How can the trend of rising deaths and injuries be reversed? There is plenty of good practice and experience for countries to draw on.

First: awareness-raising. That means educating people to understand that a car is not only a utility; it is also a lethal weapon. And drumming home the message that speed and recklessness kills; keep to the speed limit; don’t tailgate. I recall a slogan on every lamppost in a suburb of London: “Kill Your Speed; Not a Child.”

I also recall an advertisement which used a camera moving down a dark corridor against the background noise of a pub full of happy, laughing voices. Someone was urging a friend to “just have one more”, meaning have another drink. The camera then burst into a kitchen where a mother was urging her son to “just have one more”. But this time it was spoonful of food. He was in a wheelchair, crippled by an accident caused by drinking one more.

Second: infrastructure. Investing in safety features for roads can reduce accidents. Simple devices like speed bumps, proper pavements for pedestrians and separate lanes for bicycles are cheap and effective. Better-built cars, airbags, and car seats for children have helped to reduce the risk of death and injury.

وأرصفة للمشاة و ممرات منفصلة للدراجات الهوائية
Pavements for pedestrians and separate lanes for bicycles

Third: enforcing the law. For every 1km/h reduction in average speed, there is a 2% reduction in the number of crashes. Proper use of seatbelts cuts the risk of death by 61%. Using helmets reduces the risk of head injury for motorcyclists by 45%. Most countries have laws relating to these factors. But enforcement is weak.

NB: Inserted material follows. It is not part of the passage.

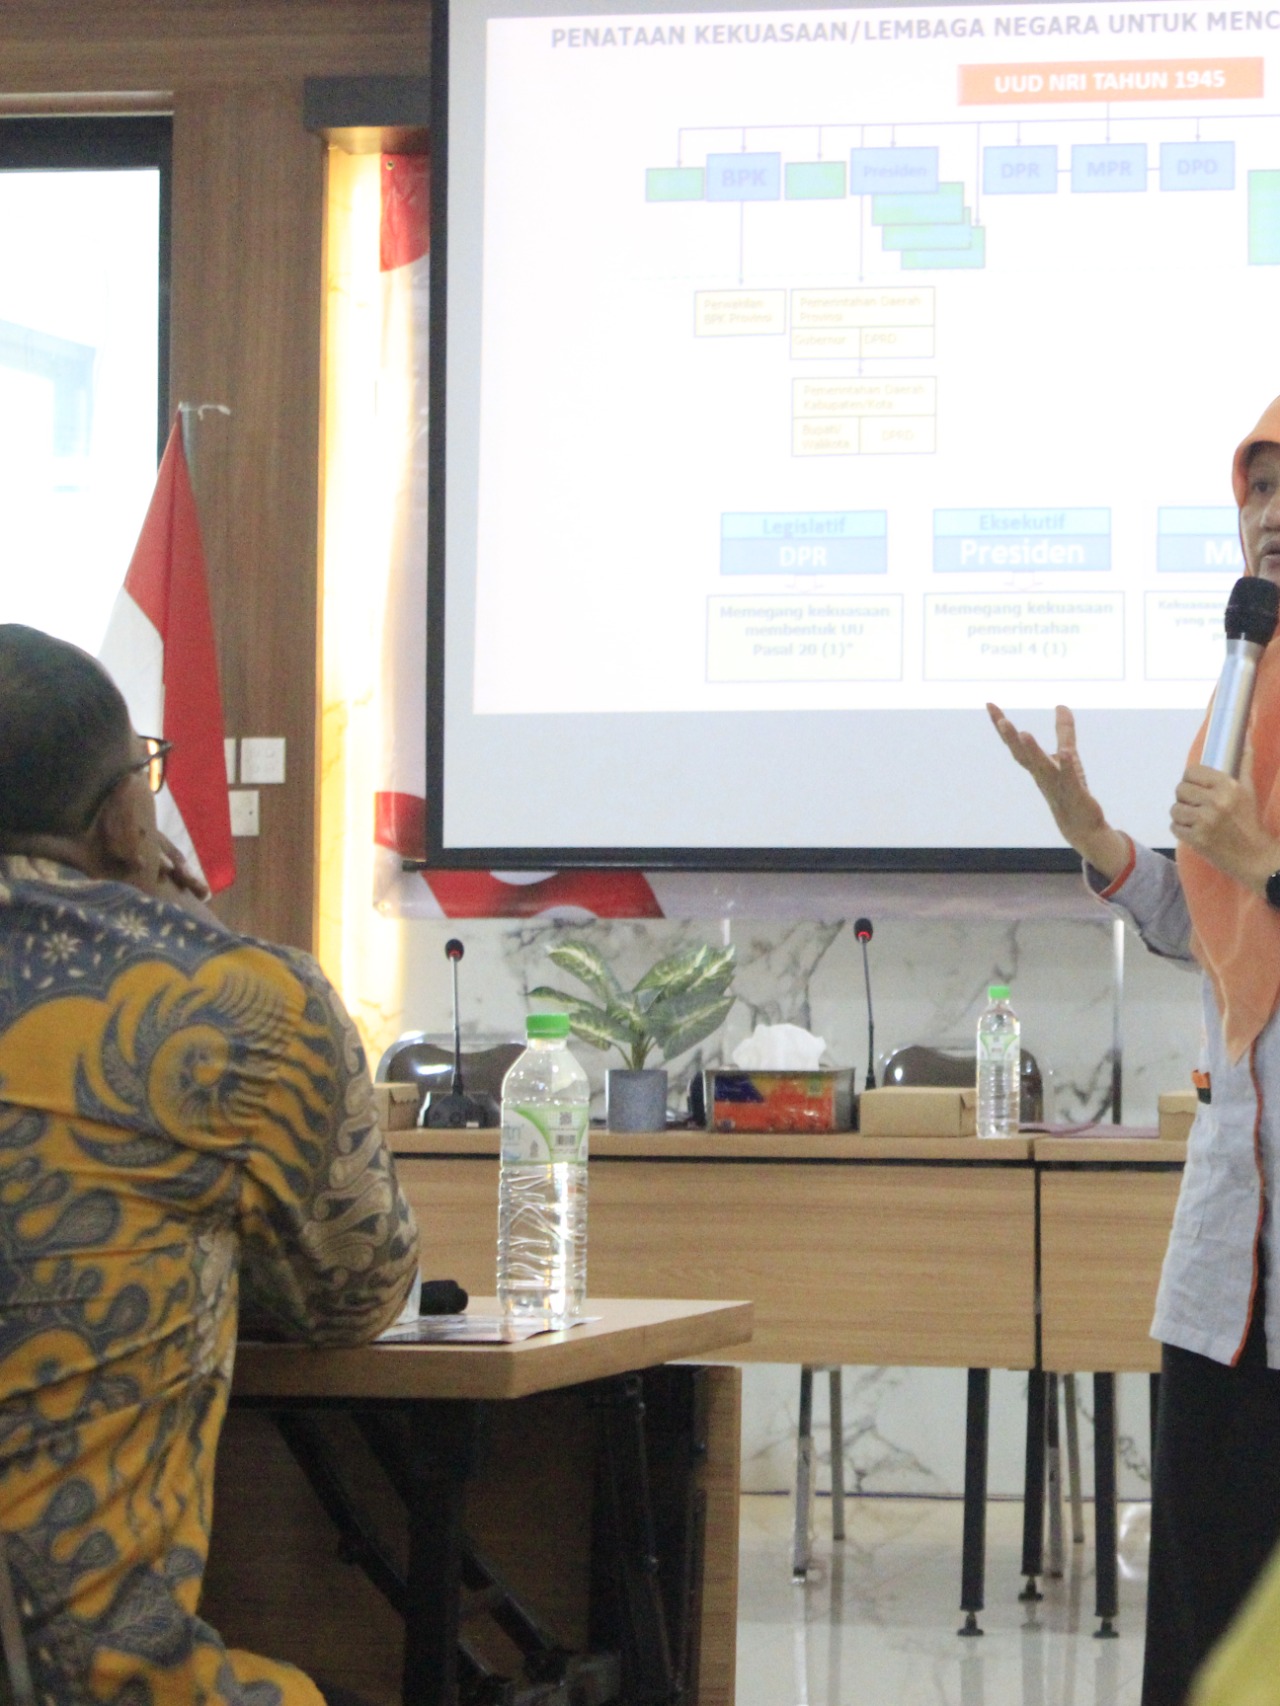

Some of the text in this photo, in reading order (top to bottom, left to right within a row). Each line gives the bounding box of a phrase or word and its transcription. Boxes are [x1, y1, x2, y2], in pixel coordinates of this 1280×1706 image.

Enforcing the laws with penalties – including driving bans – would limit deaths considerably.

In Europe many countries have cut the number of deaths on the road dramatically in recent years, despite the massive increase in traffic. Sweden has halved the number of road deaths since 2000 and in 2013 only one child under the age of 7 was killed in a crash. By active advertising and police enforcement the number of fatalities in Britain has fallen from 5,500 per year in the 1980s to 1,754 in 2012.

That is 2.75 deaths per 100,000 people. In case you are wondering, the comparative figure for Jordan is 22.75 per 100,000.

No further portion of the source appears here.